### [Provided material]
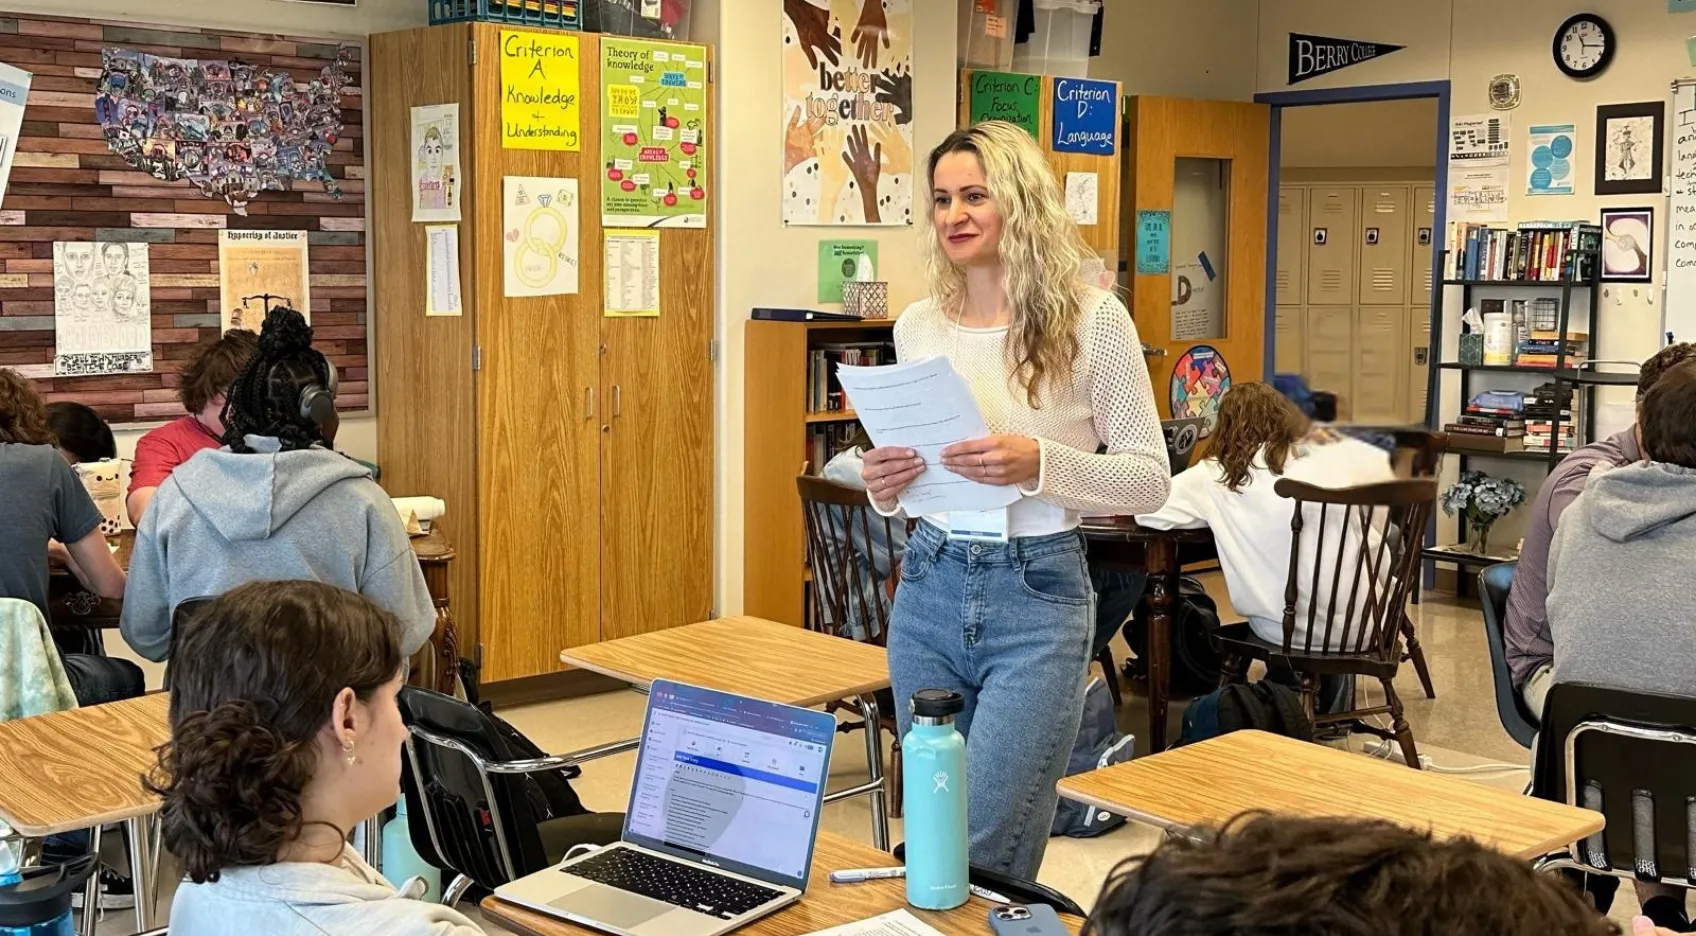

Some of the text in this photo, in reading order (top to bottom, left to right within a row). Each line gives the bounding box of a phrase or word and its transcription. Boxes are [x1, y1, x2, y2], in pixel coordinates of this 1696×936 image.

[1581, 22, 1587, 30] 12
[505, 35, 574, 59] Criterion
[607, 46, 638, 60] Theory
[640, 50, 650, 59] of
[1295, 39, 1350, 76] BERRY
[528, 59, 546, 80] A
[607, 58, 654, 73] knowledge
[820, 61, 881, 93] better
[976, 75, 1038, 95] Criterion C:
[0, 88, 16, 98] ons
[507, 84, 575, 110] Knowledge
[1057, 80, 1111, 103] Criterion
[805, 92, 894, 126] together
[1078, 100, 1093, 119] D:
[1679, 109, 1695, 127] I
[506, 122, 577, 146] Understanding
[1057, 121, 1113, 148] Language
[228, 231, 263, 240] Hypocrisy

### [Instructions for the task]
The whole listing above is to be printed again exactly; pictures stay out of it.

### [Response area]
Some of the text in this photo, in reading order (top to bottom, left to right within a row). Each line gives the bounding box of a phrase or word and its transcription. Boxes are [x1, y1, x2, y2], in pixel coordinates of this 1696×936 image.

[1581, 22, 1587, 30] 12
[505, 35, 574, 59] Criterion
[607, 46, 638, 60] Theory
[640, 50, 650, 59] of
[1295, 39, 1350, 76] BERRY
[528, 59, 546, 80] A
[607, 58, 654, 73] knowledge
[820, 61, 881, 93] better
[976, 75, 1038, 95] Criterion C:
[0, 88, 16, 98] ons
[507, 84, 575, 110] Knowledge
[1057, 80, 1111, 103] Criterion
[805, 92, 894, 126] together
[1078, 100, 1093, 119] D:
[1679, 109, 1695, 127] I
[506, 122, 577, 146] Understanding
[1057, 121, 1113, 148] Language
[228, 231, 263, 240] Hypocrisy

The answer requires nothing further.